Après les Hongrois viennent les Slaves, habitans de ces contrées aux premiers temps où remonte l’histoire, race féconde et opiniâtre, fine, rusée, plus capable de suivre que de marcher seule et en tête, mais, à ce second rang, ne se laissant dépasser par personne ; — puis les Allemands, descendus avec les flots du Danube aux extrémités du pays, robustes et habiles cultivateurs, sages, économes, représentans de la civilisation occidentale, de nos habitudes, de nos coutumes, à cette frontière extrême de l’Europe.

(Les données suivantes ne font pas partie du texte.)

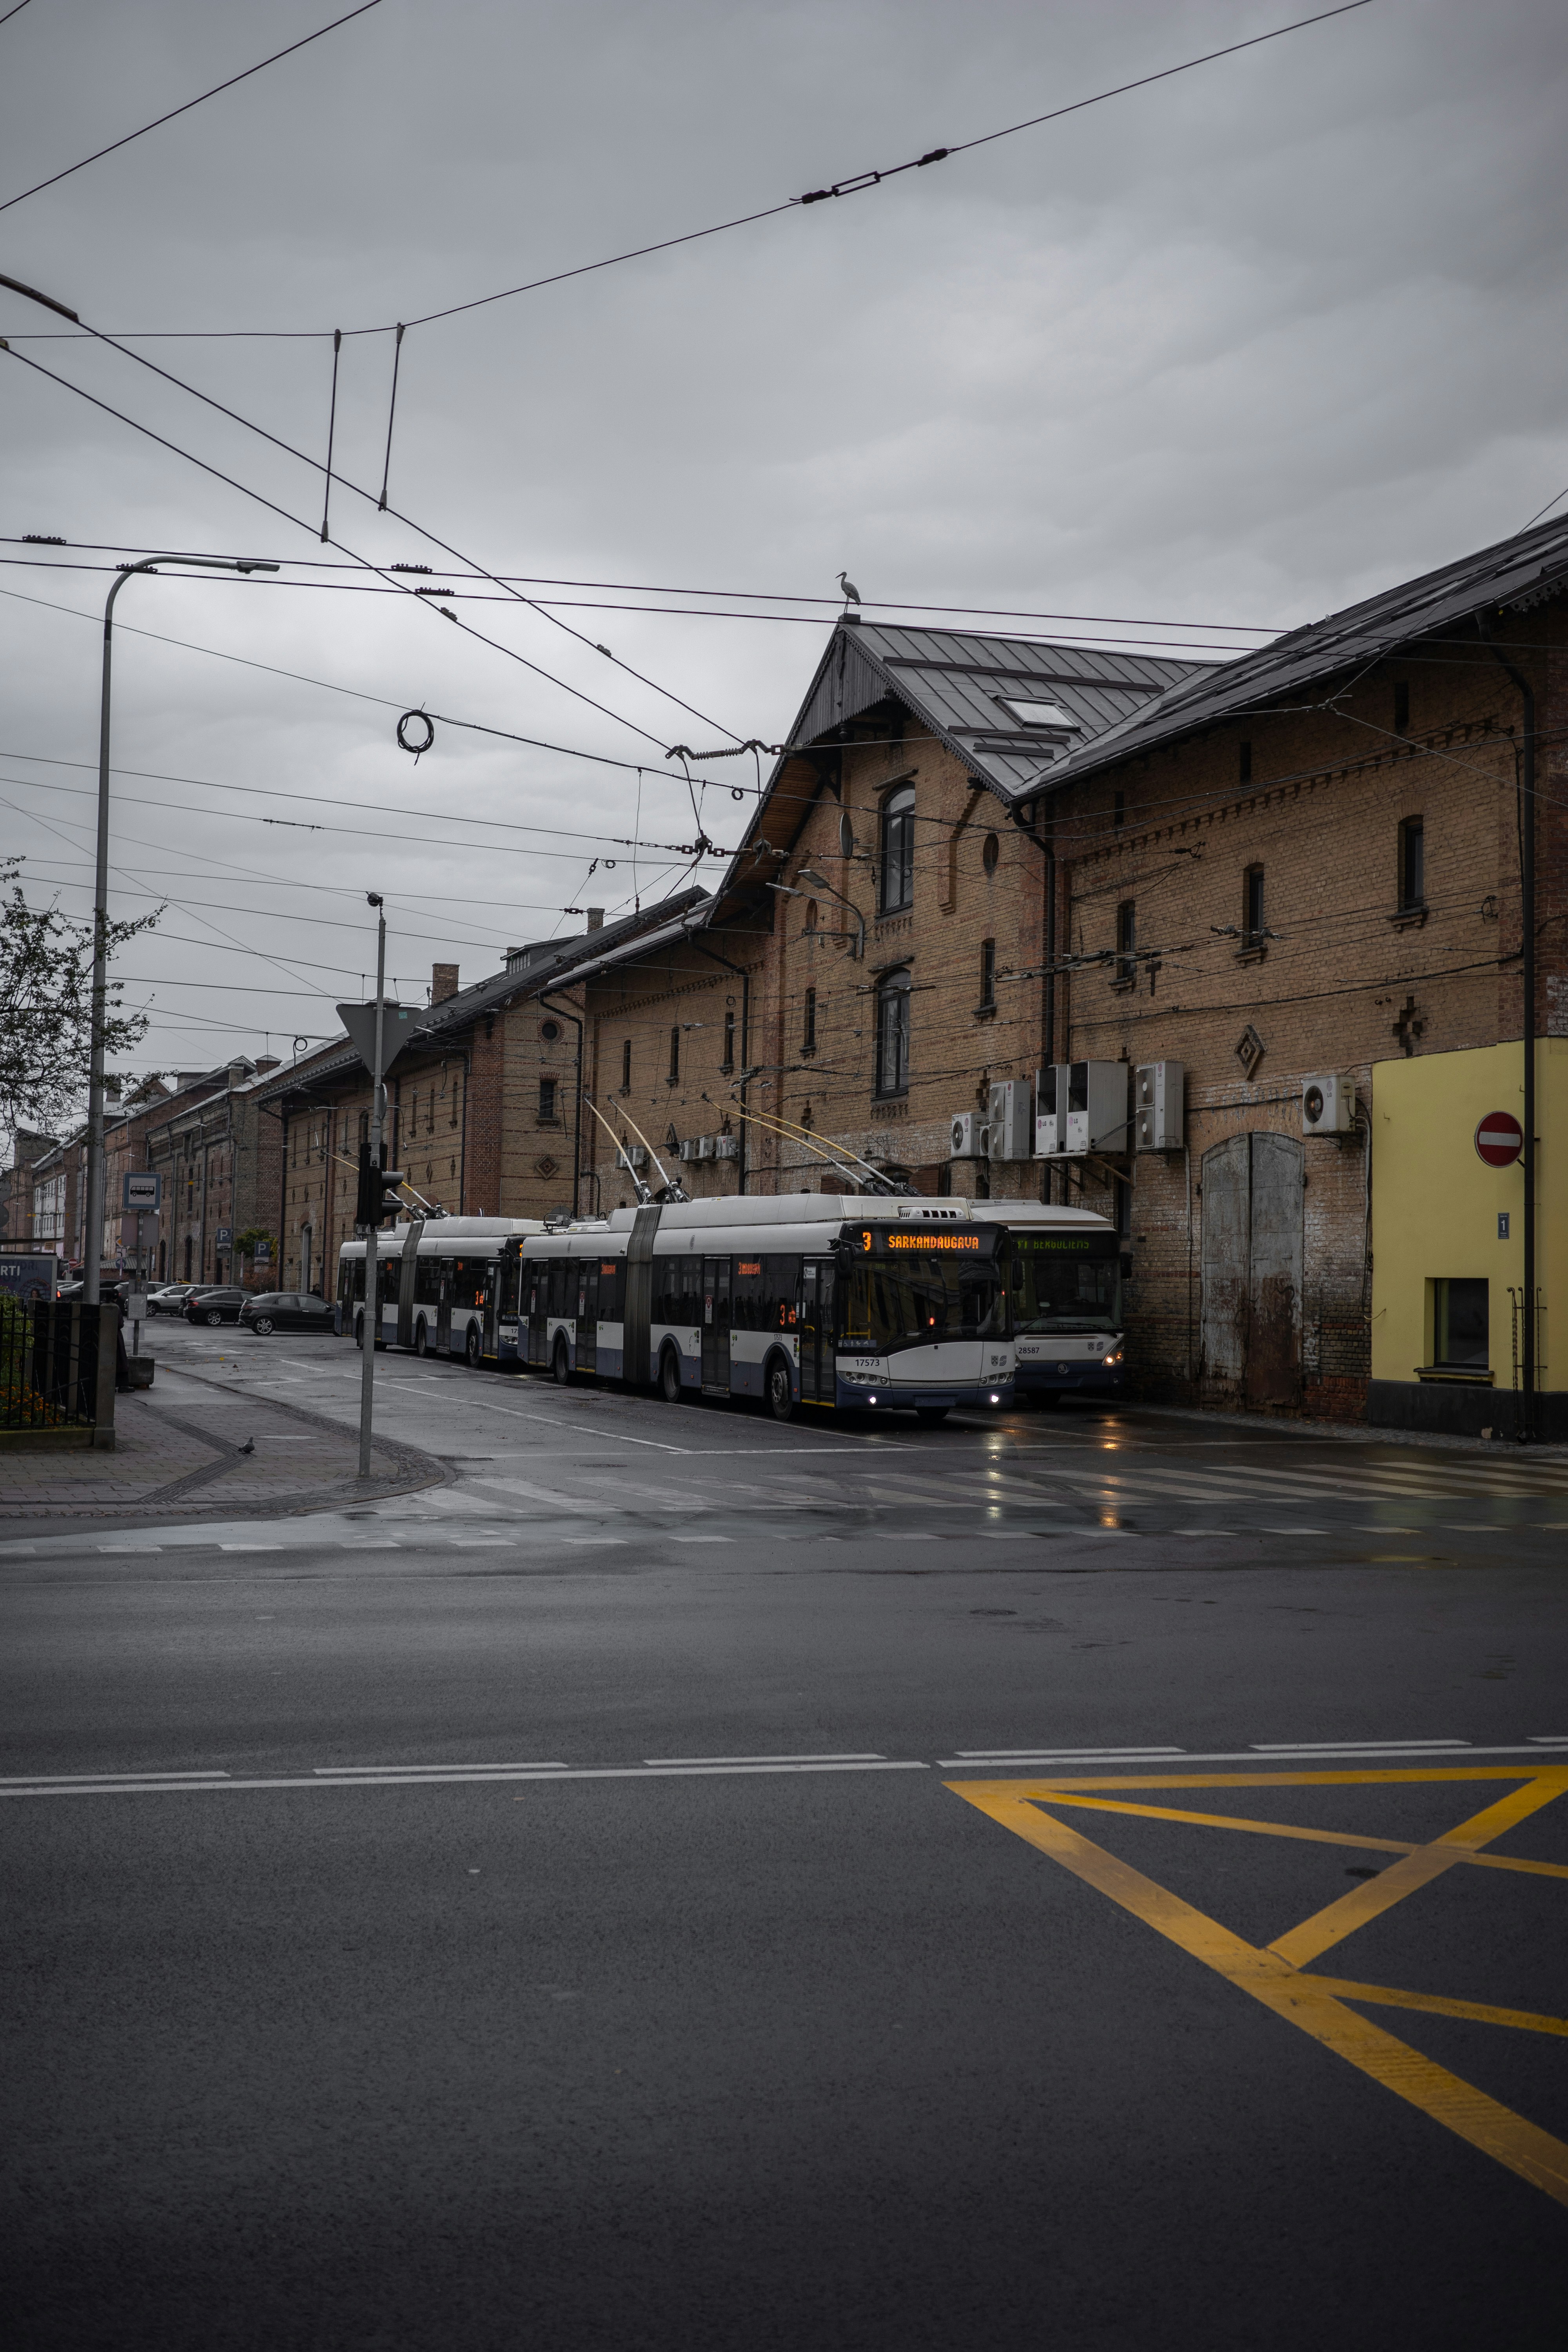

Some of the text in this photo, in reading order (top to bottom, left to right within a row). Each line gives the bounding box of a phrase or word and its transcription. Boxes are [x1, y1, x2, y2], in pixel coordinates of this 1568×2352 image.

[1501, 1220, 1505, 1230] 1
[220, 1230, 228, 1241] P
[863, 1232, 978, 1250] 3 SARKANDAUGAVA
[258, 1243, 266, 1254] P
[1, 1265, 20, 1276] RTI
[780, 1305, 785, 1325] 3
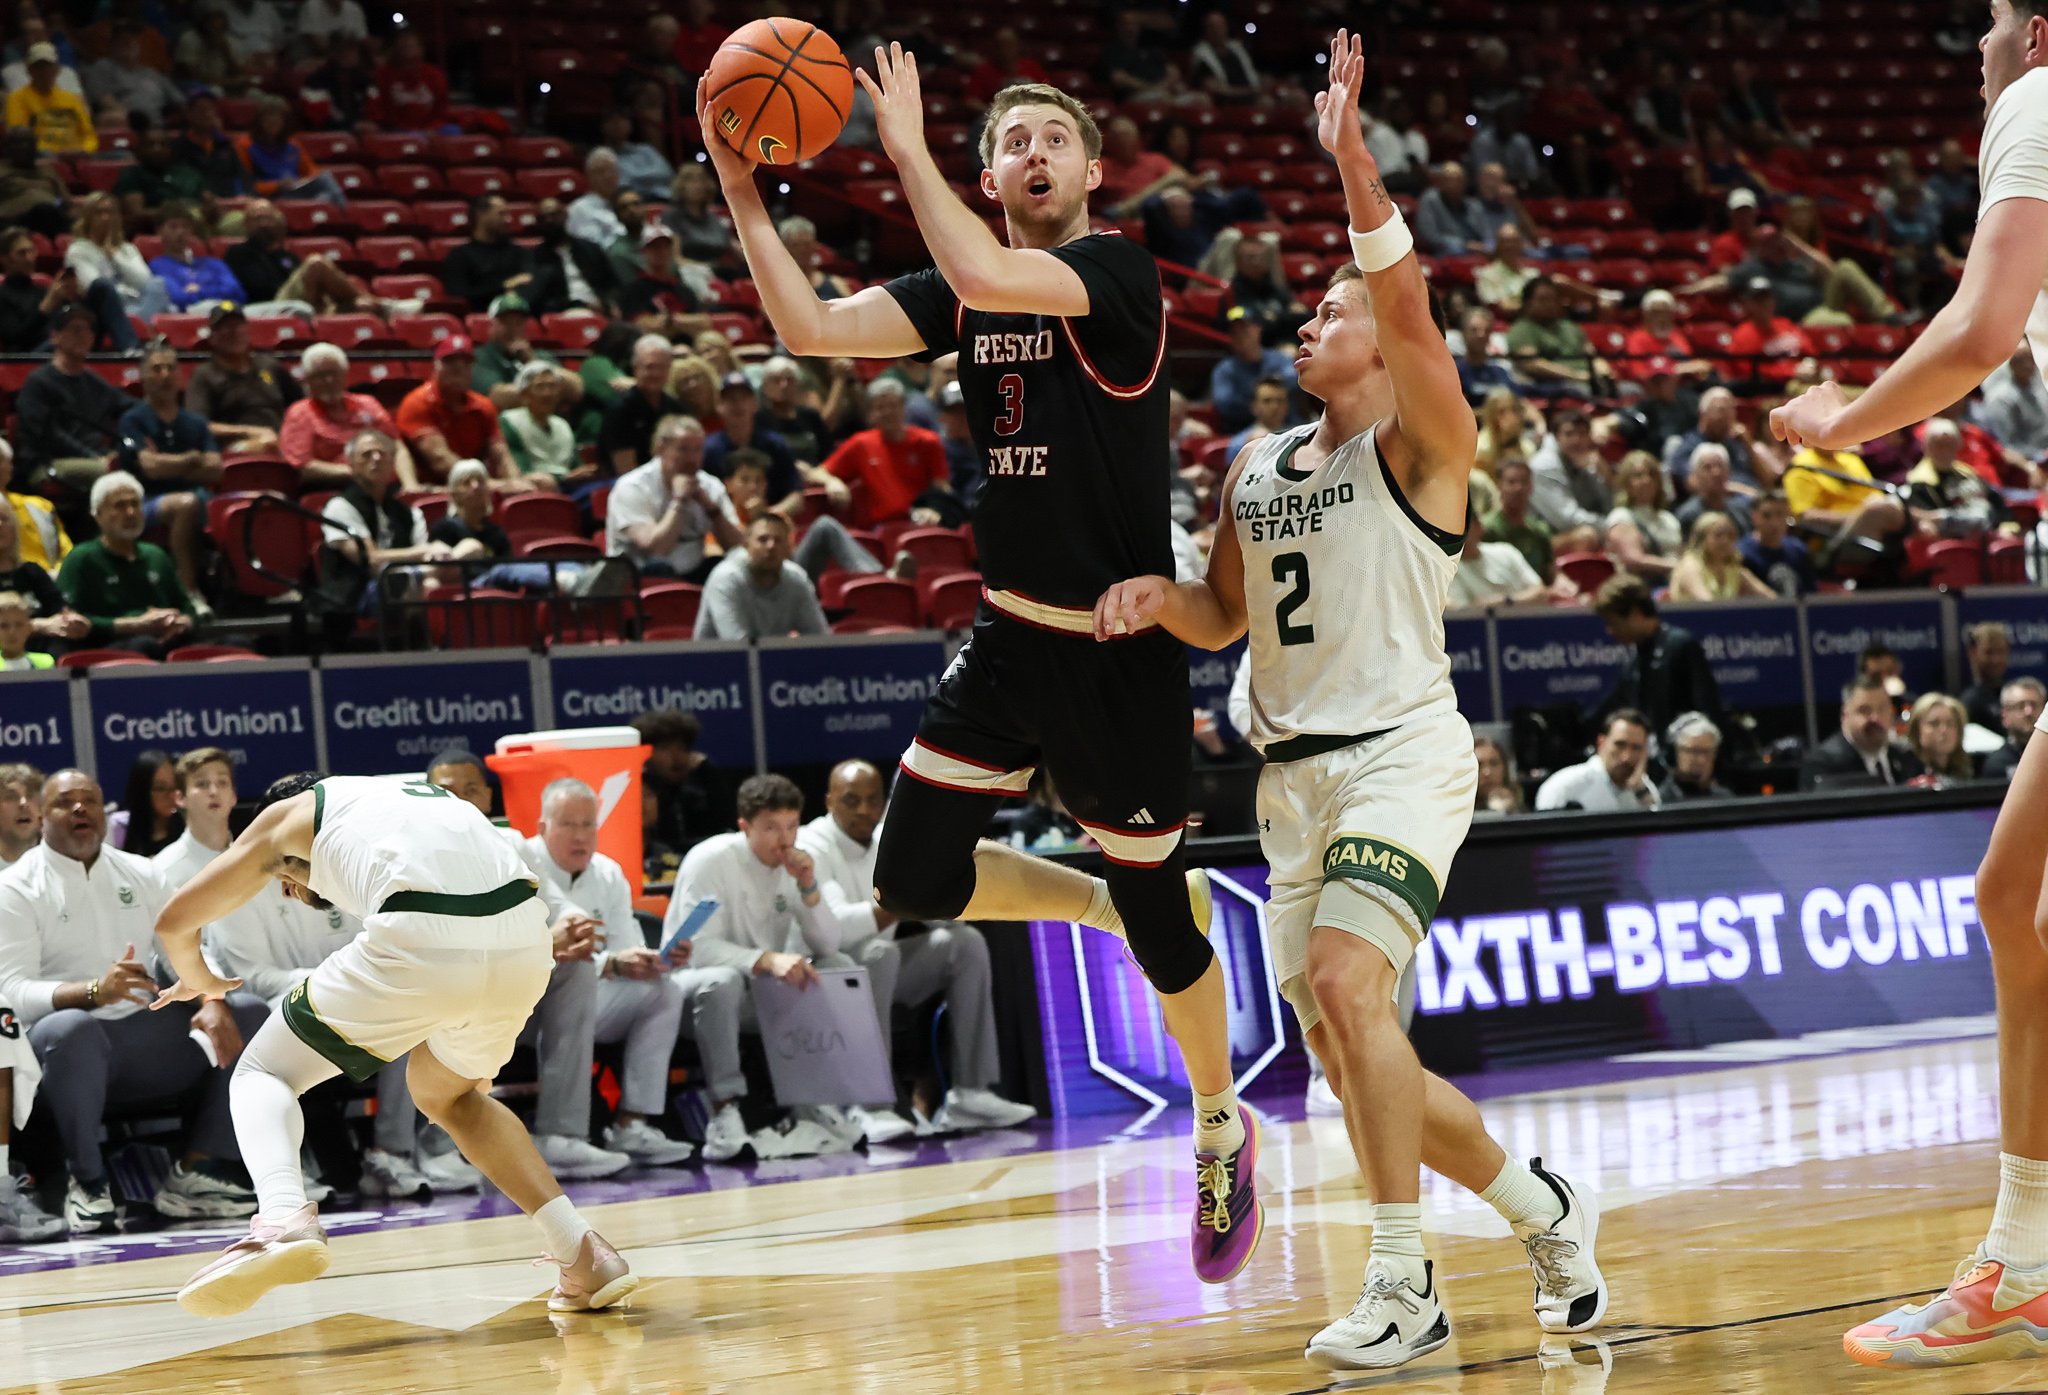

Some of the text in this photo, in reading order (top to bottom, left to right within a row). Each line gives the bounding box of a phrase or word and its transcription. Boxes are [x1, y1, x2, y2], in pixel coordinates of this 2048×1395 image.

[994, 373, 1025, 436] 3
[1236, 482, 1354, 521] COLORADO
[1251, 512, 1323, 542] STATE
[1271, 551, 1315, 647] 2
[334, 693, 523, 730] Credit Union1
[562, 682, 742, 717] Credit Union1
[769, 679, 848, 708] Credit
[104, 705, 304, 741] Credit Union1
[1326, 843, 1409, 881] RAMS

Vous retrouvez dans les charmans villages bâtis par les Saxons, dans le Banat et en Transylvanie, ces fraîches et riantes figures allemandes, ces cheveux blonds, ce teint coloré, que vous avez admirés sur les bords du Rhin, et cette même langue qui, depuis Strasbourg jusqu’à Orschova et Hermanstadt, établit un grand courant d’idées communes et fait pénétrer l’influence puissante de l’Occident plus loin encore que le Danube ne porte les produits de son industrie.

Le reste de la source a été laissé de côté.